Embora Trump critique o déficit comercial com outros países, é importante notar que, na balança de serviços, os Estados Unidos são amplamente superavitários. O país importa muitos bens, inclusive de capital, o que contribui para o aumento da produtividade. “Além disso, o consumo interno é elevado, como ficou evidente na crise de 2008, quando era comum encontrar americanos com múltiplos cartões de crédito”, diz Bessa. Assim, trata-se de uma economia de grande porte, que gasta muito e, por isso, apresenta um déficit que já pode ser considerado estrutural. Mesmo sendo uma potência, chega um momento em que surgem dúvidas sobre a sustentabilidade desse modelo, especialmente diante do crescimento contínuo do déficit.
“O governo Trump marcou um ponto de inflexão, funcionando como um gatilho para preocupações que estavam latentes. Sua política econômica foi marcada por decisões erráticas e mudanças abruptas de direção, o que gera incertezas no mercado”, avalia Bessa. A cada semana, o presidente assusta os investidores com uma nova decisão, frequentemente revertida em seguida, criando um ambiente de instabilidade. O plano econômico de Trump é visto por dez entre dez economistas como inflacionário, com potencial até para provocar recessão, além de colocar em risco a tradicional liderança americana nas alianças ocidentais. Esse clima de imprevisibilidade era inédito na economia dos Estados Unidos, levantando dúvidas sobre a confiabilidade do país como parceiro e sobre a viabilidade dos planos trumpistas.
Em resumo, se a erosão da confiança é estrutural, com demonstra o fato de que as agências de risco começaram a rebaixar suas notas para os Estados Unidos em anos anteriores, Trump contribuiu para acelerar o processo. Sua principal bandeira fiscal — a extensão dos cortes de impostos que ele começou em 2017, em seu primeiro mandato — tende a ampliar ainda mais o déficit.
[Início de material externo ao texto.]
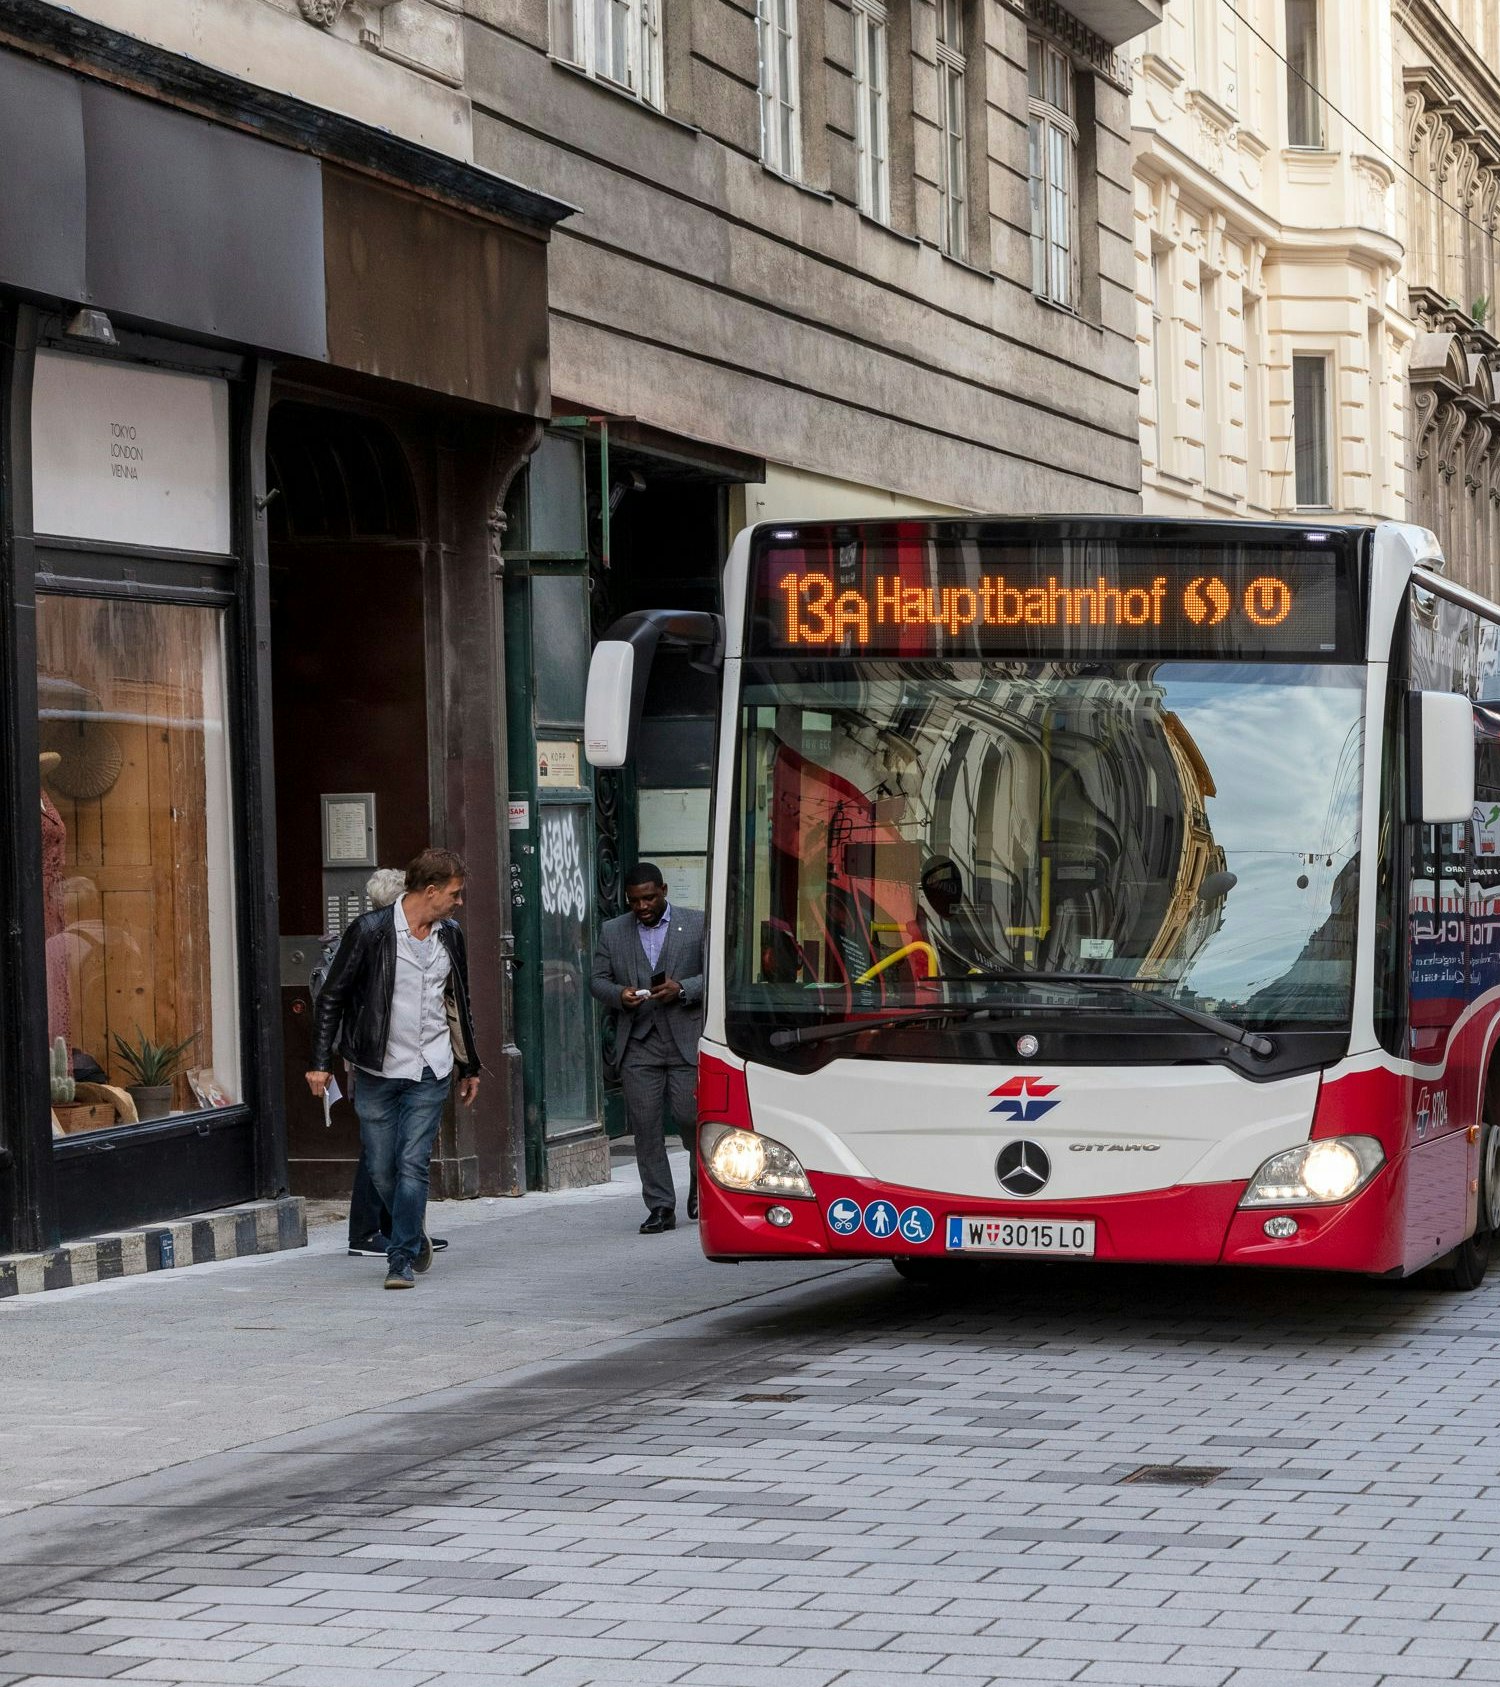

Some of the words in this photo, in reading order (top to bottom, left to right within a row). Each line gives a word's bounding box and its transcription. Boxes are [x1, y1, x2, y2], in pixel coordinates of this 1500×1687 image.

Estimativas do Yale Budget Lab apontam que tornar esses cortes permanentes custaria cerca de 5 trilhões de dólares em dez anos. O projeto de Trump, rejeitado inclusive por parte do próprio Partido Republicano, poderia somar até 3,8 trilhões de dólares à dívida na próxima década, ou mais, caso medidas temporárias fossem prorrogadas.
A estratégia de financiar cortes de impostos com tarifas de importação também é ilusória. Embora Trump defenda que a cobranças de taxas mais altas poderiam substituir parte relevante da arrecadação de impostos, projeções independentes apontam que, mesmo com aumentos agressivos, a receita gerada ficaria muito aquém do necessário para compensar as perdas de arrecadação. Além disso, tarifas tendem a ser repassadas ao consumidor americano e a reduzir a base tributária ao desestimular importações, tornando o mecanismo ineficaz para equilibrar as contas públicas.
A perda do selo “AAA” da Moody’s serve como alerta: o chamado “privilégio exorbitante” dos Estados Unidos — a capacidade de emitir dívida em dólar e atrair capital global sem grandes restrições — tem limites. O aumento dos juros dos títulos do Tesouro após o rebaixamento indica que investidores já exigem prêmios maiores para financiar a dívida americana, o que pode agravar ainda mais o quadro fiscal.